Intrusion Detection for Agricultural IoT Networks: An Empirical Comparison of Supervised and Unsupervised Machine Learning Approaches
Abstract:
Introduction
The integration of Internet of Things (IoT) technologies into agricultural practices, commonly referred to as smart agriculture or AgriIoT, is revolutionizing the sector by enabling unprecedented levels of precision, productivity, and resource efficiency. Through the deployment of distributed sensor networks, automated irrigation, and intelligent monitoring systems, farmers can optimize inputs, reduce waste, and enhance crop yields, which is vital for global food security.
However, this increasing reliance on interconnected technologies has outpaced the development of corresponding security measures. Agricultural IoT systems are often deployed in physically exposed, remote environments, frequently utilizing low-cost devices with limited computational power, memory, and energy, which precludes the implementation of traditional, heavy security protocols.
This landscape creates fertile ground for diverse cyberattacks, including denial-of-service (DoS), botnet infiltration, and false data injection, which can directly disrupt food supply chains, lead to economic losses, and pose risks to critical agricultural assets. Despite these threats, cybersecurity in AgriIoT is severely underserved in the current literature.
This paper presents a comprehensive empirical comparison of supervised and unsupervised machine learning models applied to the CICIDS2017 dataset, a modern benchmark for intrusion detection. The evaluation encompasses five distinct models, assessing their effectiveness in attack classification and anomaly detection, and contextualizes the findings within the resource-constrained requirements of agricultural environments such as those found in developing countries like Nepal.
Background
IoT in Smart Agriculture
Smart agriculture leverages a complex, multi-layered architecture—comprising perception, network, edge, fog, and cloud layers—to manage agricultural operations efficiently. This paradigm relies on the integration of smart sensing technologies, including soil moisture sensors, weather stations, automated irrigation, and livestock tracking systems.

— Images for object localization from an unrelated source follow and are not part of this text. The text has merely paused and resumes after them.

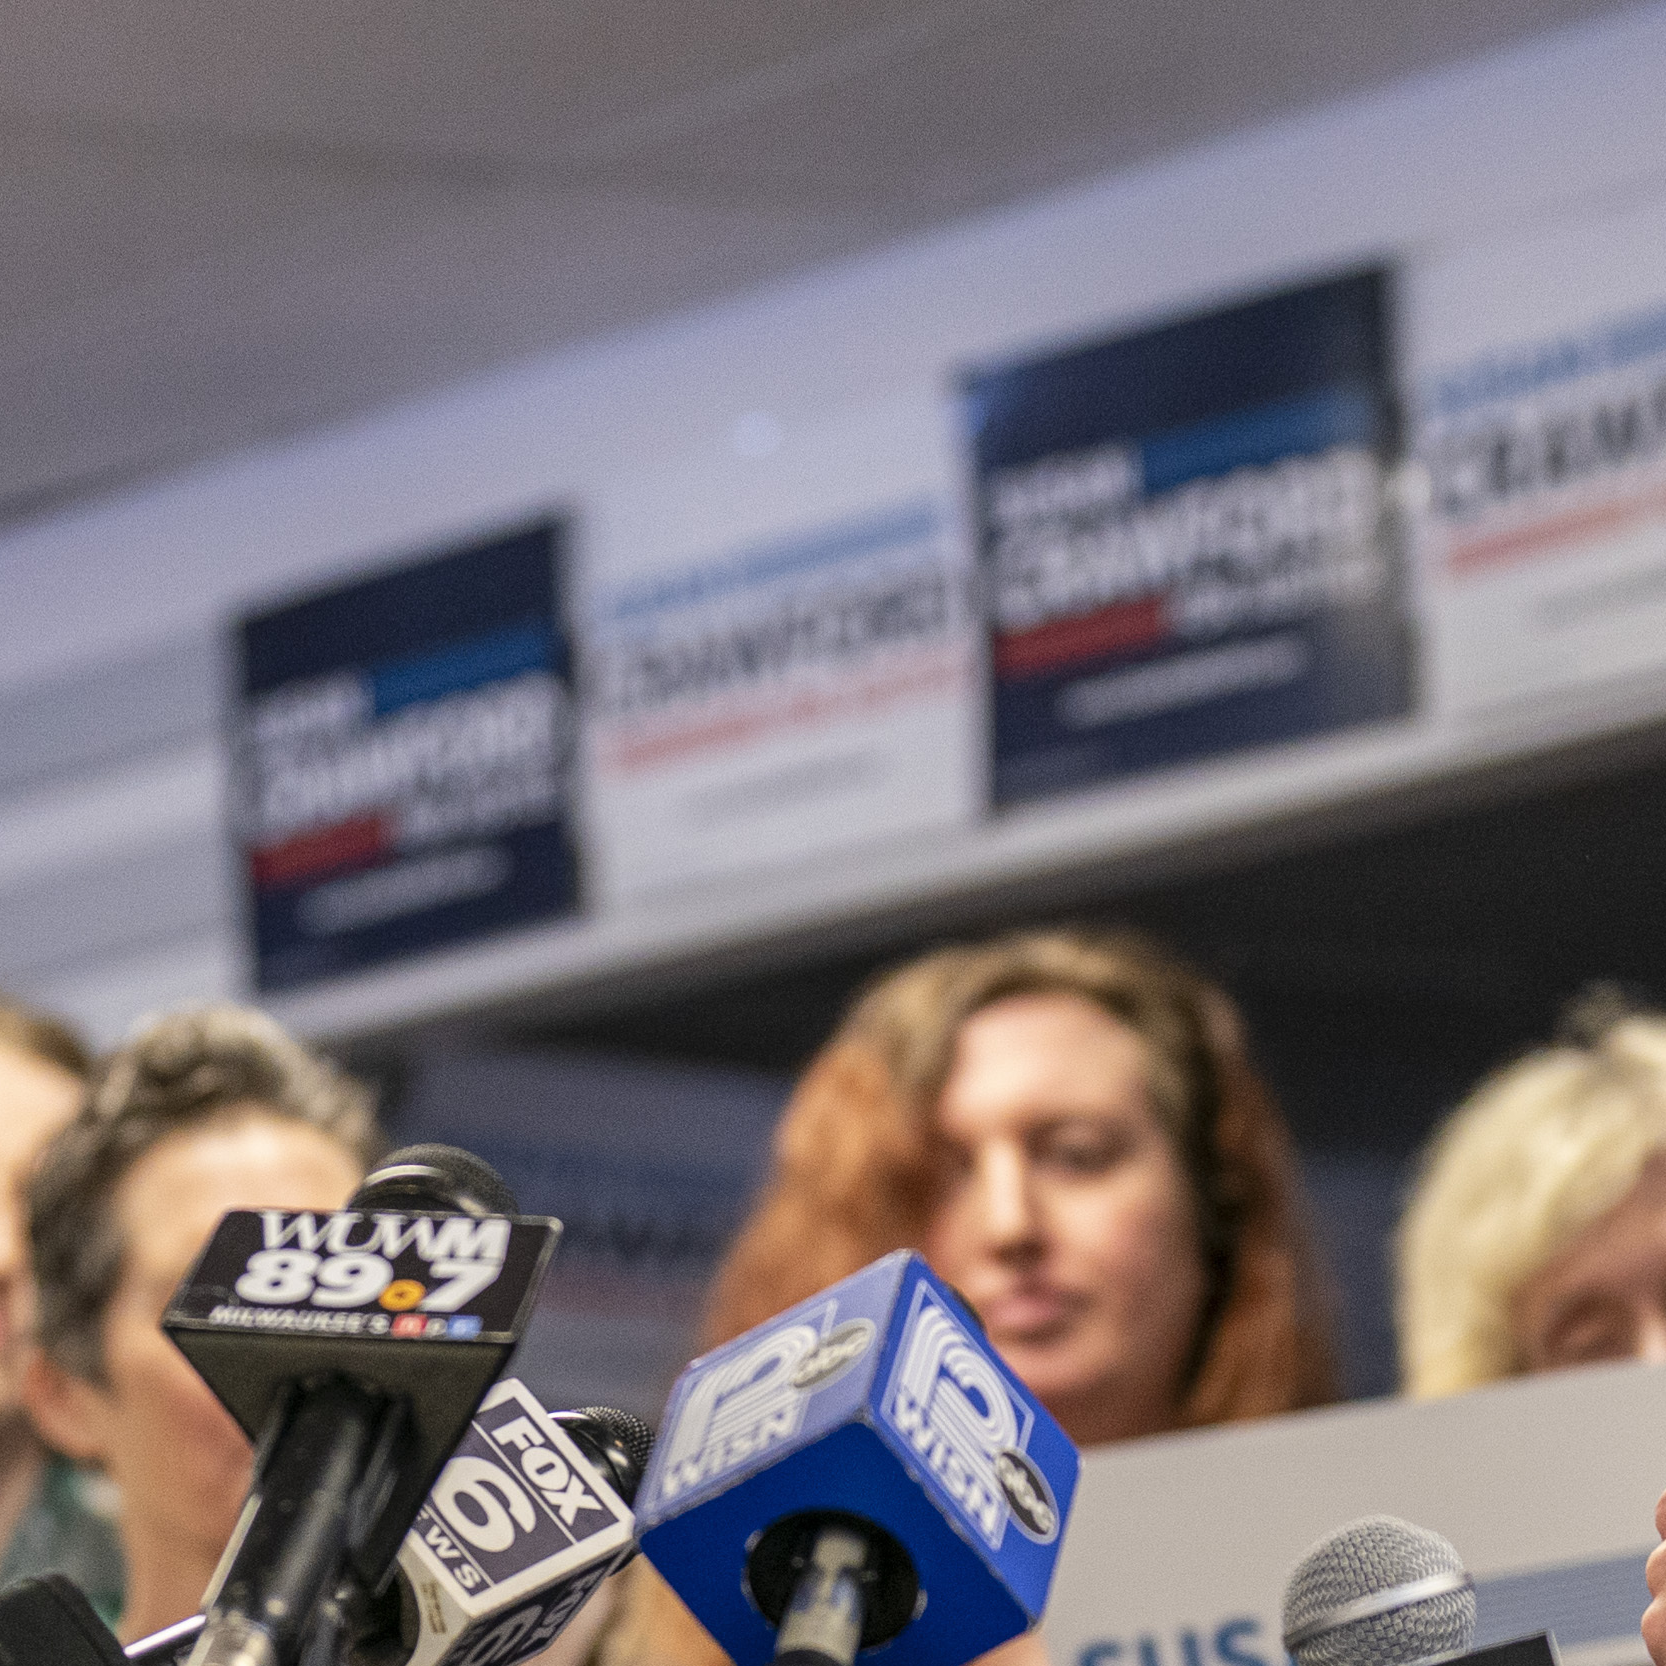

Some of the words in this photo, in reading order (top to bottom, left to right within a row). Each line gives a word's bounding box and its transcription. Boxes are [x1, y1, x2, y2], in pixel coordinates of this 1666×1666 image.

[258, 1211, 513, 1262] WUWM
[234, 1249, 504, 1313] 89.7
[431, 1455, 536, 1553] 6
[491, 1416, 603, 1526] FOX
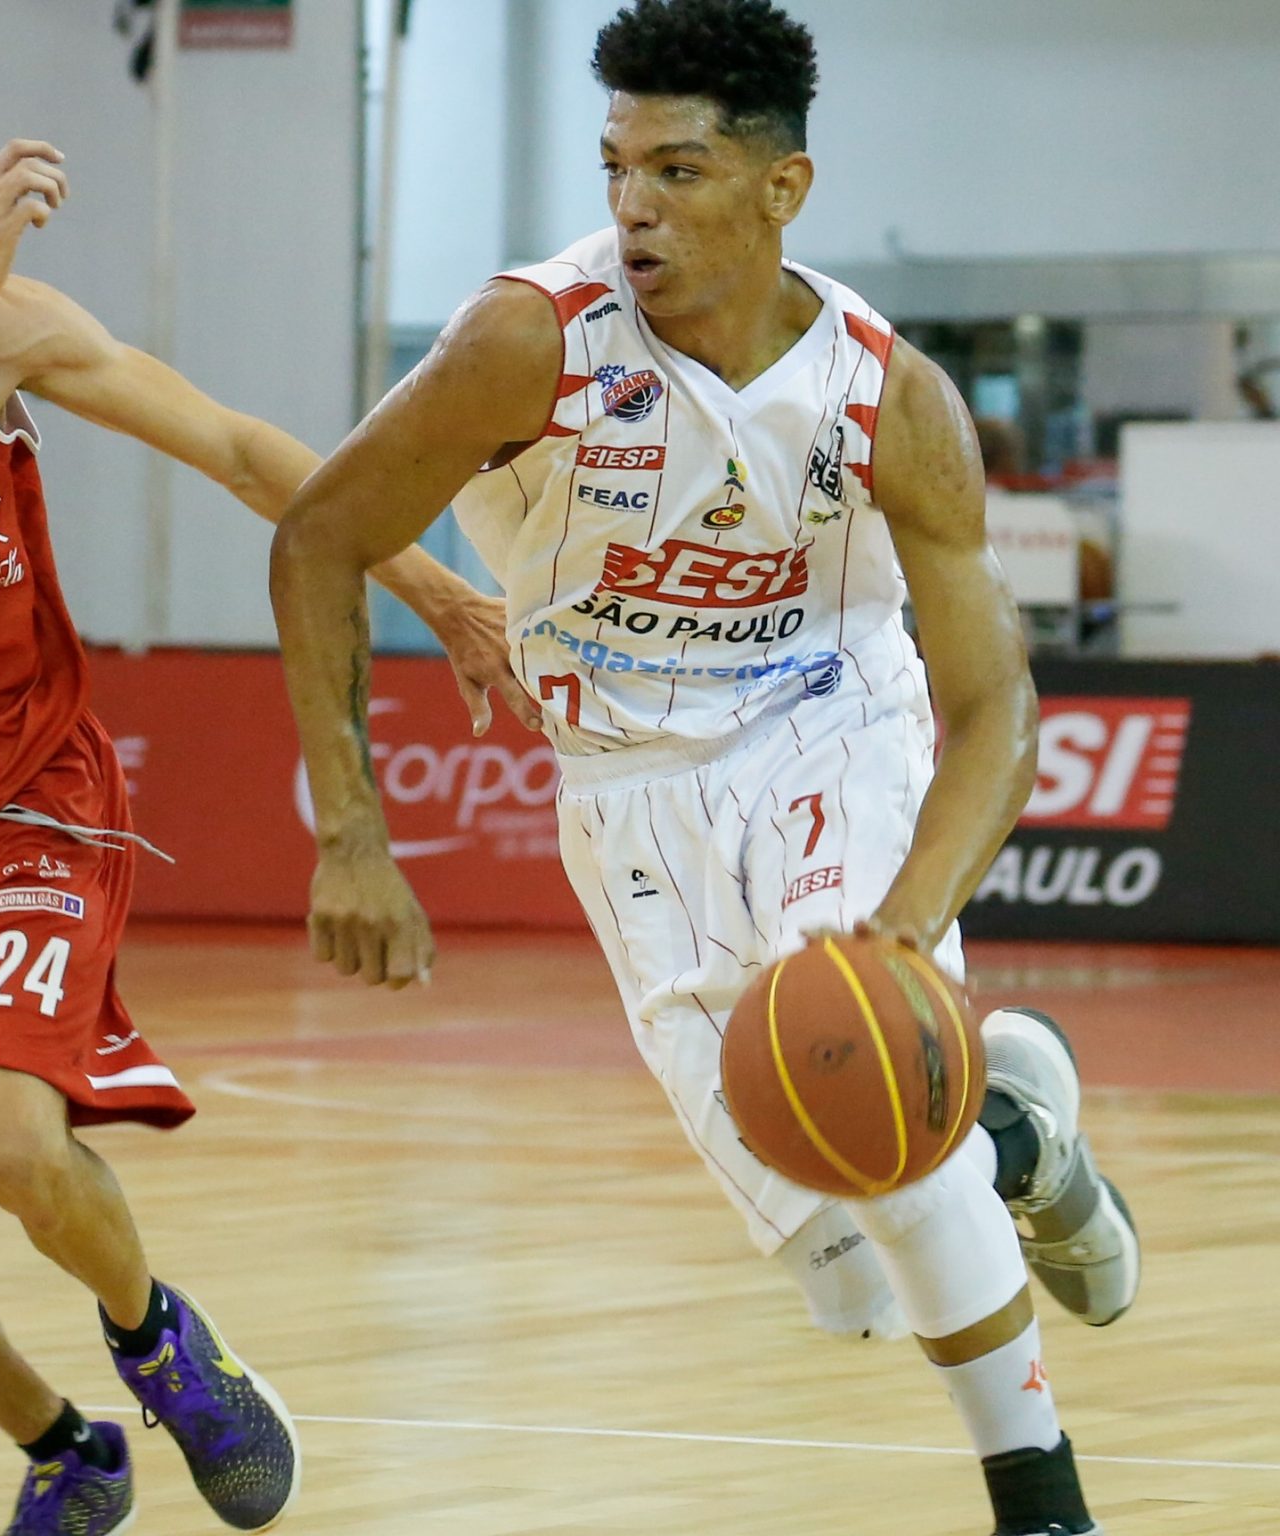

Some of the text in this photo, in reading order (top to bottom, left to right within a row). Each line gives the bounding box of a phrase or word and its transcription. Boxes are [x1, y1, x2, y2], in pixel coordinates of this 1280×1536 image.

The architecture relies on diverse communication protocols, including long-range, low-power solutions like LoRaWAN for wide-area field monitoring, ZigBee for mesh networks within greenhouses, and lightweight application-level protocols like MQTT and CoAP. This protocol heterogeneity creates significant security complexity, as each layer and protocol presents different attack vectors.
Cybersecurity Threats in Agricultural IoT
AgriIoT networks are increasingly exposed to a broad spectrum of cyber threats, exacerbated by the lack of standardized security protocols and the presence of heterogeneous, often unpatched, devices. Common threats include DoS/DDoS attacks, malware and ransomware, botnet participation, spoofing, man-in-the-middle (MitM) attacks, and side-channel vulnerabilities. A false data injection attack targeting soil moisture sensors could manipulate readings to trigger unnecessary irrigation—leading to crop waterlogging—or suppress irrigation entirely, destroying valuable harvests. The IT/OT convergence allows attackers to bridge office-level breaches to industrial-level operational disruption, a physical-cyber intersection unique to the agricultural context.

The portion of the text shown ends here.